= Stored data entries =

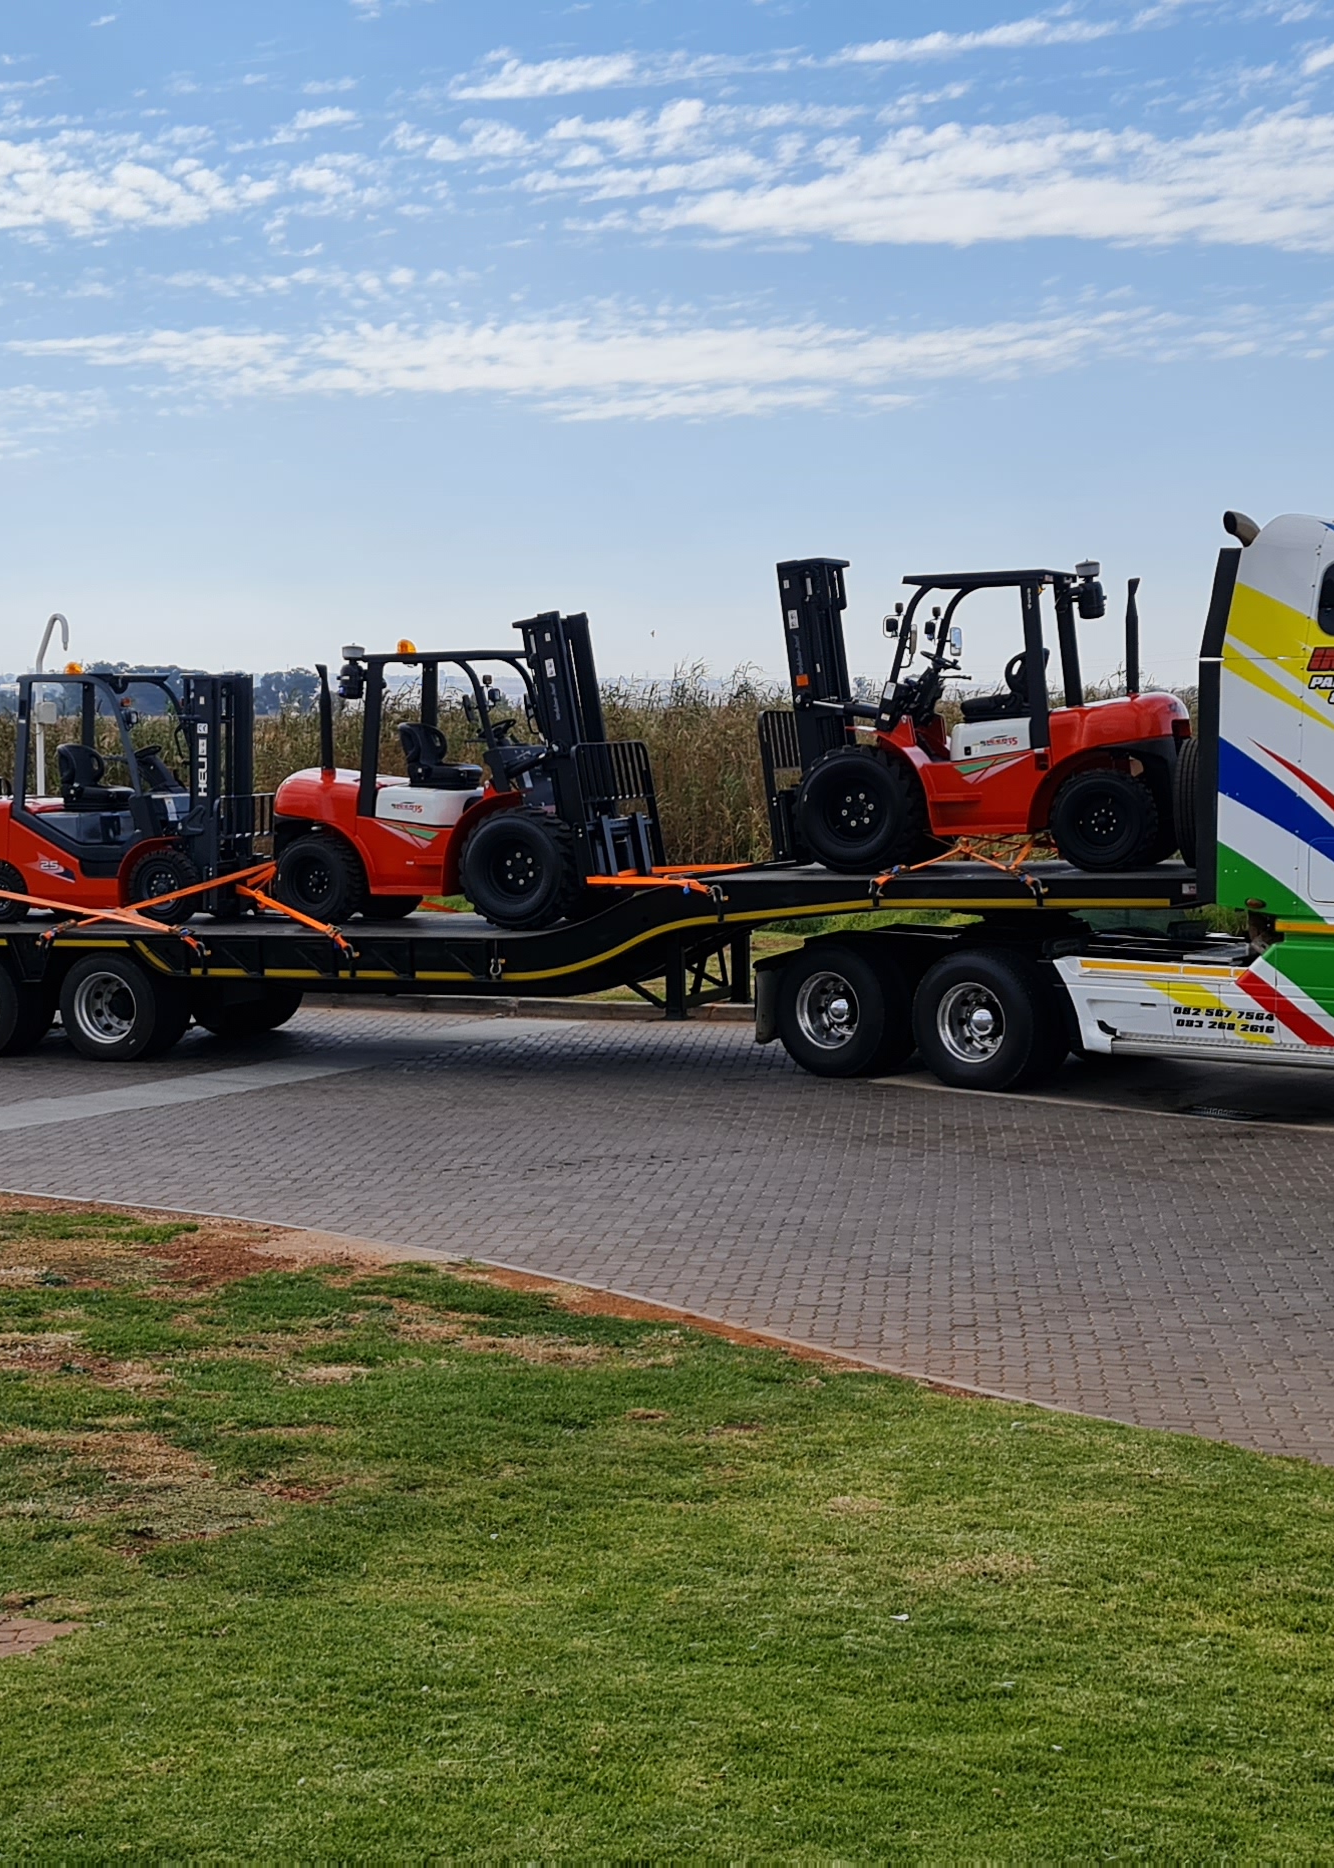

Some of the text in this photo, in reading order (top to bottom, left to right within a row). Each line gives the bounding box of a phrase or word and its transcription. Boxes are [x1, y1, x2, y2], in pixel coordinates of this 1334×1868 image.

[40, 860, 59, 870] 25
[1173, 1006, 1201, 1016] 082
[1176, 1019, 1204, 1028] 083
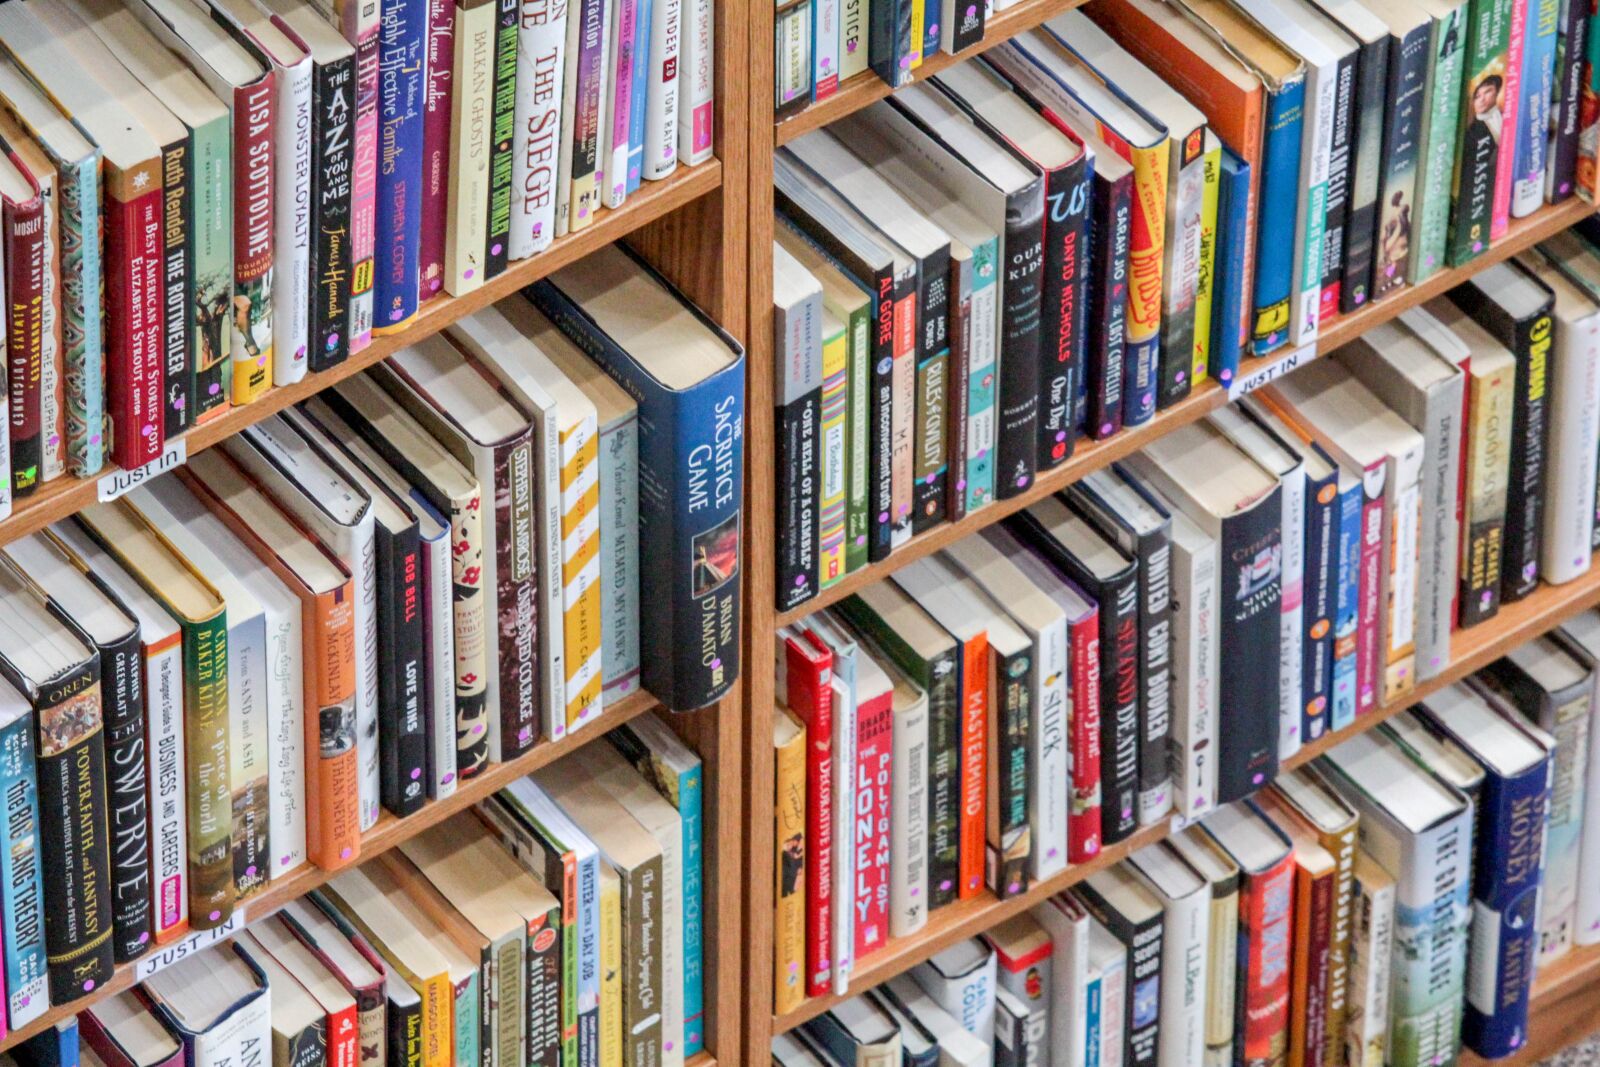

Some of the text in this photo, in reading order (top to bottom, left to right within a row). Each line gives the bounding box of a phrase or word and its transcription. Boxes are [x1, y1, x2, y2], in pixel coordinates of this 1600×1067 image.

= ASSIGNED TASK =
Leave out the images and repeat the rest of the data word for word.

= EXERCISE RESULT =
Some of the text in this photo, in reading order (top to bottom, left to right within a row). Each line gives the bounding box of a phrase or word and its transcription. Boxes are [x1, y1, x2, y2], in pixel coordinates of this 1334×1868 image.

[40, 860, 59, 870] 25
[1173, 1006, 1201, 1016] 082
[1176, 1019, 1204, 1028] 083

Some of the text in this photo, in reading order (top to bottom, left to right within a row). Each line gives the bounding box of a phrase or word and its transcription. Boxes are [x1, y1, x2, y2], in pixel coordinates of this 1600×1067 image.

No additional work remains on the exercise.